Elizabeth Reiter is an American operatic soprano who has been based at the Oper Frankfurt from 2013, where she covered a broad repertoire from Armida in Handel's Rinaldo to the double role Renee/Alice in the German premiere of Olga Neuwirth's Lost Highway. She performed at international opera houses and festivals, such as singing Zerlina in Mozart's Don Giovanni in Tanglewood, conducted by James Levine.

Career 
Reiter was born in Chicago where she was a member in the Lyric Opera's children's choir. She sang as a child in over 100 productions, for example in Puccini's La Bohème and Tosca, Ponchielli's La Gioconda, Boito's Mefistofele, Bizet's Carmen, Tchaikovsky's Queen of Spades, Verdi's Otello and Humperdinck's Hansel and Gretel at the Lyric Opera. At the age of 16, Reiter made her professional debut as Young Maria Celeste in the world premiere of Glass's Galileo Galilei (Chicago’s Goodman Theatre, Brooklyn Academy of Music, and London’s Barbican Center). She studied at the Manhattan School of Music and the Curtis Institute of Music where she performed several roles in the opera program. She took part in the Metropolitan Opera National Council Auditions.

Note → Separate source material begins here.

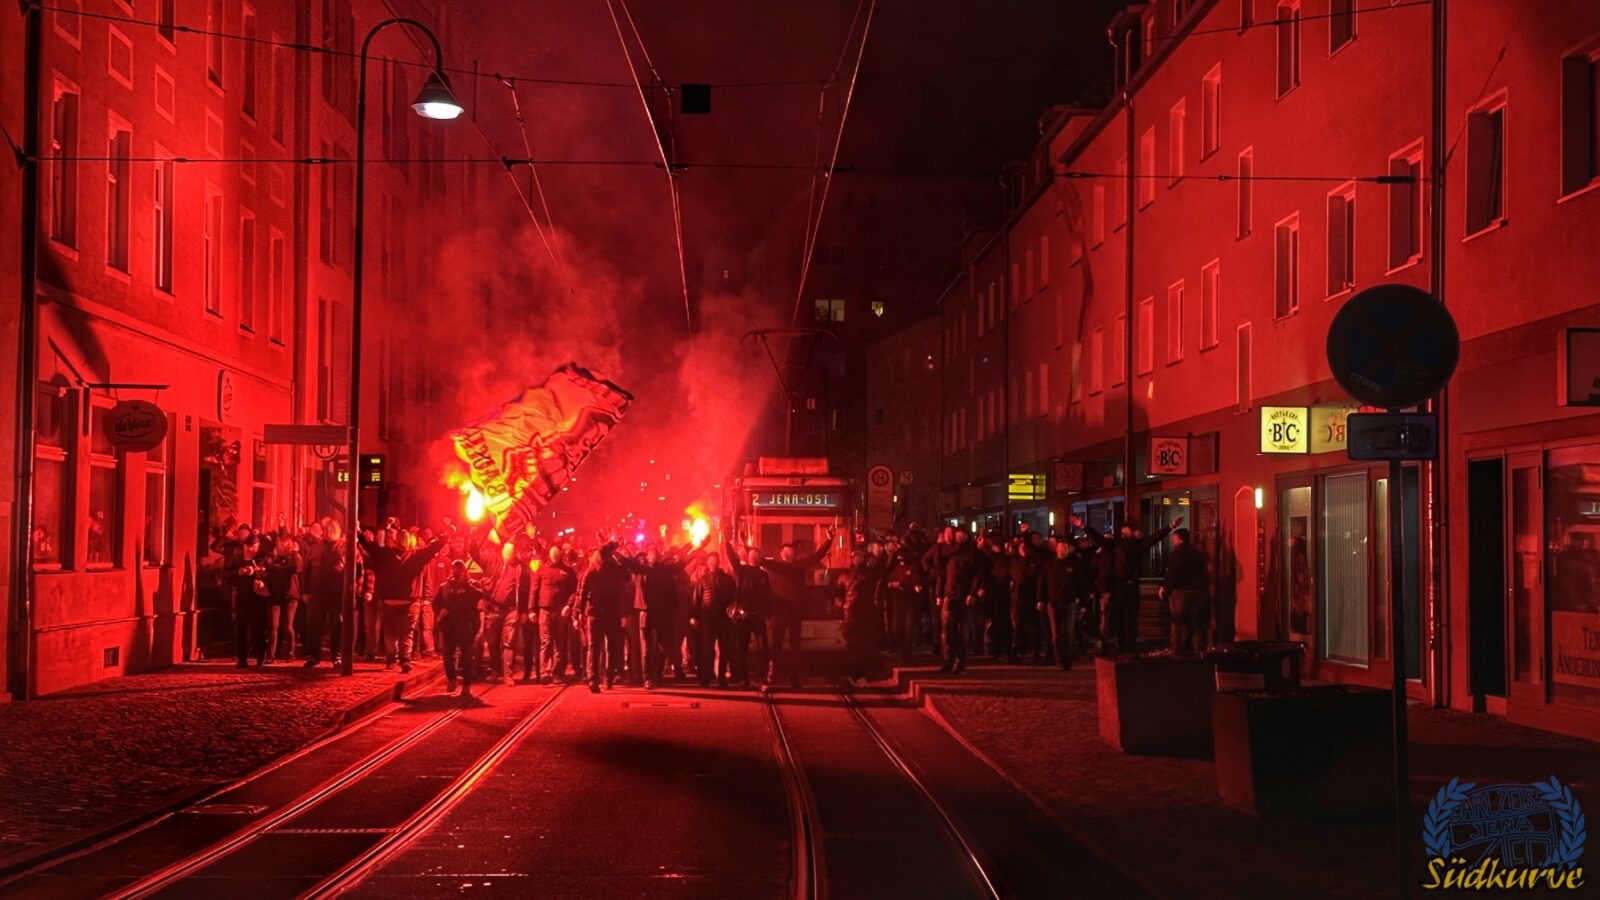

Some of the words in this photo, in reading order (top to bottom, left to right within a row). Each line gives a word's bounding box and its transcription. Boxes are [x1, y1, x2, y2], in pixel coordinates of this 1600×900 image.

Reiter joined the Oper Frankfurt in the 2013/14 season, where she appeared in roles including Armida in Handel's Rinaldo, Mozart's Susanna in Le nozze di Figaro and Pamina in Die Zauberflöte, Gretel in Humperdinck's Hänsel und Gretel, Valencienne in Lehàr's Die lustige Witwe, Anne Trulove in Stravinsky's The Rake's Progress,  Renee / Alice in Neuwirth's Lost Highway, and the title role in Janáček's Das schlaue Füchslein. In 2018, she appeared in the double role Renee/Alice in the German premiere of Olga Neuwirth's Lost Highway. A reviewer of the Los Angeles Times noted:

In September 2021, she appeared as Melissa in Handel's Amadigi, conducted by Roland Böer, and alongside Brennan Hall in the title role, Kateryna Kasper and Beth Taylor. A reviewer noted her sharp coloraturas and dramatic outbursts, portraying the harsh character, and intense acting up to her death scene.

She appeared as a guest at Opera Memphis and the Opera Philadelphia among others. She performed as Zerlina in Mozart's Don Giovanni at the Tanglewood Music Center, conducted by James Levine, and as The Dragonfly in Ravel's L'enfant et les sortilèges at the Castleton Festival, conducted by Lorin Maazel.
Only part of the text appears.